Por si fuera poco, la imprudente expansión crediticia propagada recurrentemente por los bancos centrales induce a bancos, empresas y particulares a endeudarse y colocar recursos en proyectos de todo tipo que no siempre son rentables. La función empresarial queda cegada por la abundancia de crédito barato de nueva creación y, por tanto, se invierte y se apalanca en demasía en proyectos que no cubren las necesidades más urgentemente demandadas y valoradas por la sociedad. Estas numerosas “malinversiones” en determinados activos sobrevalorados crean las conocidas burbujas que acaban explotando. Es entonces cuando se impone en momentos de marea baja un ajuste doloroso, pero inevitable en aquellos negocios que –en palabras de Warren Buffett– estaban bañándose desnudos.

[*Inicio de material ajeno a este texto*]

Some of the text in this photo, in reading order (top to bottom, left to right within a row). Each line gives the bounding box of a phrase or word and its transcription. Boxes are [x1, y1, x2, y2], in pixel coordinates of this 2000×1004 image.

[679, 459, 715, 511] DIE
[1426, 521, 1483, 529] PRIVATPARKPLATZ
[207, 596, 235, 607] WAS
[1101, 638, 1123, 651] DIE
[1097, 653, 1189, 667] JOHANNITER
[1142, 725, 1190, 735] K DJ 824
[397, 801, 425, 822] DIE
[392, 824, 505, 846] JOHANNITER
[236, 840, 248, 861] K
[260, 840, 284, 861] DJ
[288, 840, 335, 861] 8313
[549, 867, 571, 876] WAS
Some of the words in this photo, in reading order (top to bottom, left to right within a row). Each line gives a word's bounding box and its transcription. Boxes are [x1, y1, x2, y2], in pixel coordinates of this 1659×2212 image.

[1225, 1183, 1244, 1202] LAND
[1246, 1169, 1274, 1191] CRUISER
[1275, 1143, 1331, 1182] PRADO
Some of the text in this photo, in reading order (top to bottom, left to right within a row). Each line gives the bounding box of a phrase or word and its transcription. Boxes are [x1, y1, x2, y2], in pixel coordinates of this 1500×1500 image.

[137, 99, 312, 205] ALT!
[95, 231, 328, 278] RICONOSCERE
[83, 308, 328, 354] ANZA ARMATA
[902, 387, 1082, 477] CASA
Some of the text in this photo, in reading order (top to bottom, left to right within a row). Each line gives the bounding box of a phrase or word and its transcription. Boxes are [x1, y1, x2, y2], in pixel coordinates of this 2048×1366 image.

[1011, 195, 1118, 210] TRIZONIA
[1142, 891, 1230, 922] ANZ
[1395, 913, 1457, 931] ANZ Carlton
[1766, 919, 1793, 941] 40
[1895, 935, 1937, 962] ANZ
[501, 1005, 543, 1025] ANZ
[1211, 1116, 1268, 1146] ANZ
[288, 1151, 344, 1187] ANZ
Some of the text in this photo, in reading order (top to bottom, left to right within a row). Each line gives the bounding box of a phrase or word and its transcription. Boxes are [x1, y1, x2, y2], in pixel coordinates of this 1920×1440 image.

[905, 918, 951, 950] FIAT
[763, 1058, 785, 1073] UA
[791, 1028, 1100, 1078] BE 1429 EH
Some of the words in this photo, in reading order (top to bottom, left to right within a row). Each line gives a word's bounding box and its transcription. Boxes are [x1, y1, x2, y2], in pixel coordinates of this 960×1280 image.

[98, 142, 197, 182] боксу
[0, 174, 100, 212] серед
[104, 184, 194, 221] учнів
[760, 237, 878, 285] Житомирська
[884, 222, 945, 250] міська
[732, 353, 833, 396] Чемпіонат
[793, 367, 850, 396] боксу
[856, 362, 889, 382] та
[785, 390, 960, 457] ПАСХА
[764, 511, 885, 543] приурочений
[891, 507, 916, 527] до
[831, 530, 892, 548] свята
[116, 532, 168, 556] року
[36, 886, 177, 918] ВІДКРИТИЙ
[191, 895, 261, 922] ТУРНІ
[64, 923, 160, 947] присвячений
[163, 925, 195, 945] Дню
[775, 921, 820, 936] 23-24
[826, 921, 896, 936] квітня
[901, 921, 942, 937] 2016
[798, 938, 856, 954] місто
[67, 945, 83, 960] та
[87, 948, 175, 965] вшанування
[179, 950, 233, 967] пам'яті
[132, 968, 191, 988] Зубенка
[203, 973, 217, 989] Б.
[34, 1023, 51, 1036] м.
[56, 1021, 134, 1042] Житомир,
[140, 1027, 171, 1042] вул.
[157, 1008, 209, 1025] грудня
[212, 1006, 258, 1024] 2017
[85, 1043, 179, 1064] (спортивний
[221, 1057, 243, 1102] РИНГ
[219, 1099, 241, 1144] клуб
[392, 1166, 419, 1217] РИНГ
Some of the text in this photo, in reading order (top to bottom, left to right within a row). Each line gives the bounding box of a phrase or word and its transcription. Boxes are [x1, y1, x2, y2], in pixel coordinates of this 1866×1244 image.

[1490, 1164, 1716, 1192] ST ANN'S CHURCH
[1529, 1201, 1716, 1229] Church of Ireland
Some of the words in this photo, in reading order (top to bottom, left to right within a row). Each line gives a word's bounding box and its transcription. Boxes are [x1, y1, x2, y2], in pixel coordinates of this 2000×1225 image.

Sucede que cada vez que aparece en el sistema financiero una supuesta crisis de falta de liquidez los bancos centrales acuden en su ayuda con inyecciones millonarias de dinero fiat que, además de envilecer los medios de pago vía inflación, impiden que se aplique la disciplina de mercado, es decir, la expulsión de aquellos bancos que ante la sobrevaloración de sus activos o la falta de las necesarias provisiones han consumido su capital temerariamente. Quedaría así corroborado el dicho de que si te enjuagas la boca con bastante liquidez, puedes quitarte el mal sabor de insolvencia… hasta la siguiente crisis. Un sistema financiero permanentemente socorrido por el monopolio de la autoridad monetaria hace esfumarse la línea que separa claramente la iliquidez de la insolvencia. El shock financiero de dicho sistema está asegurado en forma de bomba de relojería.

Los bancos centrales son incapaces, por el contrario, de acudir con capital proveniente del ahorro voluntario de las personas, que es lo esencial en estos casos. Lo que sí logran es que los bancos se conviertan en un cártel imprudente que actúa en un entorno libre de riesgos al contar con un prestamista (público) de última instancia que vendrá siempre a rescatarlo.

Parece, no obstante, que hemos llegado a un punto de no retorno. Viendo la situación de desplome en Wall Street tras la quiebra de Lehman Brothers y el destape de masivos instrumentos de apalancamiento, el mencionado Buffett afirmó que le parecía estar en medio de una playa de nudistas. Los interesados achacan a la avaricia y falta de transparencia del mercado las graves deficiencias surgidas en la presente crisis cuando la realidad es que los excesos descubiertos son fruto de un sistema financiero corrupto y de malas regulaciones que promueven precisamente los estímulos incorrectos.

Las sobredosis de liquidez vertida en el sistema ya no hacen nada: el mercado interbancario por el que los bancos se prestan dinero entre sí sigue sin desatascarse. Los bancos, además de no fiarse entre ellos al ignorar el nivel de insolvencia de sus homólogos, guardan su poca liquidez para hacer frente a los vencimientos de plazos de sus propias deudas.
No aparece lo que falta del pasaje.